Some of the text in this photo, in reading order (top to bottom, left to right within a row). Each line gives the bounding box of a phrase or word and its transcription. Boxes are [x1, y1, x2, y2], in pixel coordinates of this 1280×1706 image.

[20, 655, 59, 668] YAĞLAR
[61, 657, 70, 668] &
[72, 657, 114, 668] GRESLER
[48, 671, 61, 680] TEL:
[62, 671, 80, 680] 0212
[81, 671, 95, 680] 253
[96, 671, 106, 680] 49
——————————
DIRECTIONS FOR THIS TASK
The data should be transcribed exactly, line for line.

RESULT OF THE TASK
Some of the text in this photo, in reading order (top to bottom, left to right within a row). Each line gives the bounding box of a phrase or word and its transcription. Boxes are [x1, y1, x2, y2], in pixel coordinates of this 1280×1706 image.

[20, 655, 59, 668] YAĞLAR
[61, 657, 70, 668] &
[72, 657, 114, 668] GRESLER
[48, 671, 61, 680] TEL:
[62, 671, 80, 680] 0212
[81, 671, 95, 680] 253
[96, 671, 106, 680] 49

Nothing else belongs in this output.